After taking the time to engage with Brody as Sean at the gas station, I knew Brody was one of the good guys to let the Diaz brothers place their trust in. This actually offsets the bad dealings Sean has with the gas station owner, prior to Brody offering the brothers a quick getaway. What this reveals, and there are plenty of other moments like this one, is that just as there are bad people in the world, there are also good ones too.
Each episode is carefully constructed and paced in such a way that you begin to see the natural change and growth (or lack thereof) Sean and Daniel will undergo together. Placing the emphasis on the bond between two brothers rather than two best friends is deeply effecting and raises the stakes much higher than what Max and Chloe go through in their game. By adding the sociopolitical themes in Life Is Strange 2, there’s real danger and concern for what will happen to the Diaz brothers by the time you reach the end of the game. Will they make it to Mexico? Will they be detained by law enforcement? Will the brothers stay together or be separated? These were the main questions I had on my mind as I kept playing the game.
The final episode of Life Is Strange 2 answers the fate of the brothers in a way that is satisfying and logical for how you have played the game. As Sean, I made sure to play him as the responsible older brother who raises Daniel to be the kind of person their dad would have wanted him to become. The ending I wound up with is more or less what I expected it to be, but it’s no less painful. I was under no impression that it would be a full on happy ending. In fact, I already expected it to be bittersweet and it’s exactly what I got. After I had finished the game, I went on YouTube to see the other endings (there’s 7 in total) I could have gotten. Of the 7, there was one that was a truly devastating and shocking ending. The others were no less grim, but could be seen as a happy ending for some players.
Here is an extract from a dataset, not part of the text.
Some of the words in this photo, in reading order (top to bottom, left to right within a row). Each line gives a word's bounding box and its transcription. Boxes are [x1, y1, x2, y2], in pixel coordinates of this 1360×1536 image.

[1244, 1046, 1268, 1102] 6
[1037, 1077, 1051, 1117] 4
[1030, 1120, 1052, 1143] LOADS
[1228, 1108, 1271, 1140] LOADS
What’s nice about the endings for Life Is Strange 2 is that it does go forward either 15 or 6 years into the future to see how a grown up Daniel turned out and what kind of life he led. If you raised Daniel the right way, you can take comfort in knowing that Sean’s little brother is doing just fine. I think that’s the biggest reward you can take away from the game and is probably the most satisfying payoffs I’ve ever seen. Sometimes endings in games can be huge letdowns, but not this one. I got everything I expected and more.
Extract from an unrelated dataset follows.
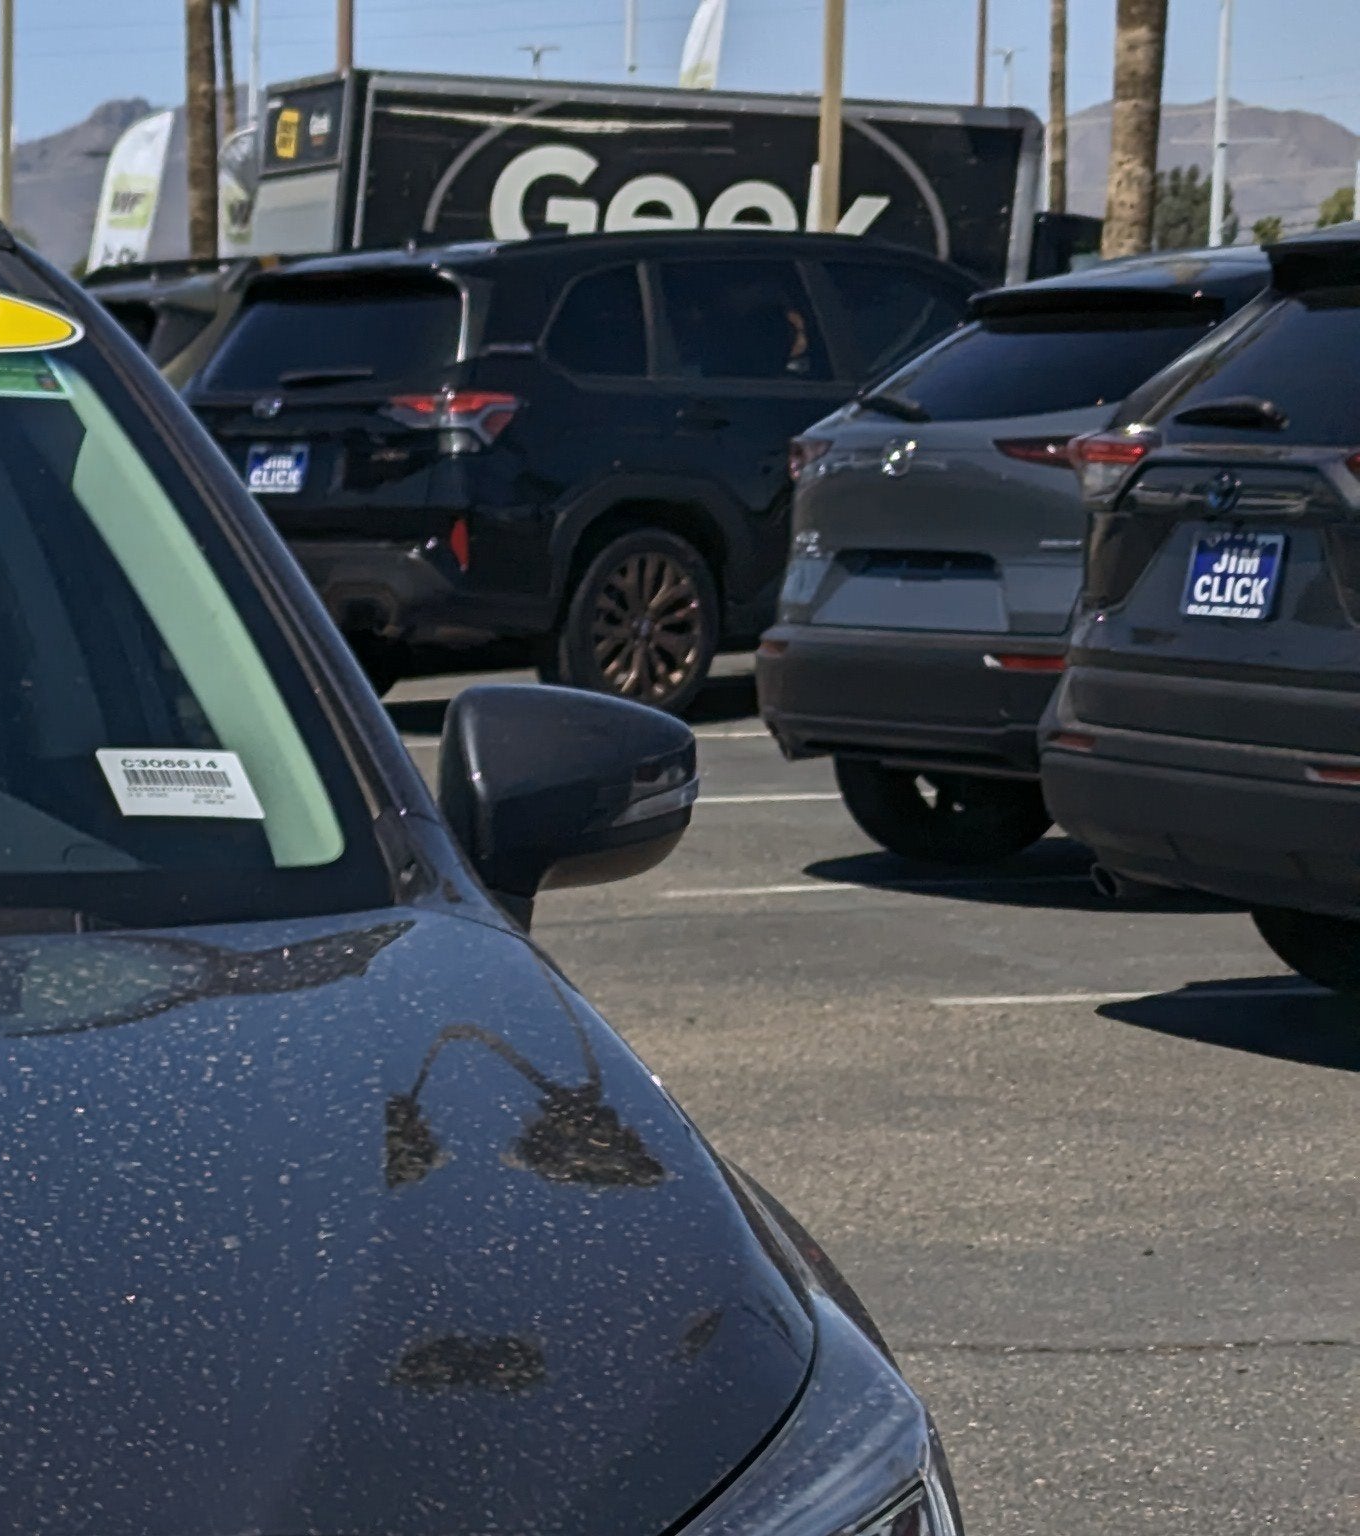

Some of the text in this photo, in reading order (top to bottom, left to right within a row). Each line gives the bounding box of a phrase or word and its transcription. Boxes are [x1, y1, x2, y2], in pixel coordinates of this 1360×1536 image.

[249, 470, 302, 486] CLICK
[1212, 547, 1261, 575] JIM
[1193, 574, 1270, 605] CLICK
Life Is Strange 2 is a near perfect game and I would argue that it’s even better than the first Life Is Strange, though I liked that game just as much. The developers and writers in this second installment improved upon what made the first game weak in some areas and enhanced the strengths that made the Life Is Strange series standout in narrative storytelling.
This is a game not to miss if you enjoy good stories and choices that really do matter to how your playthrough ends.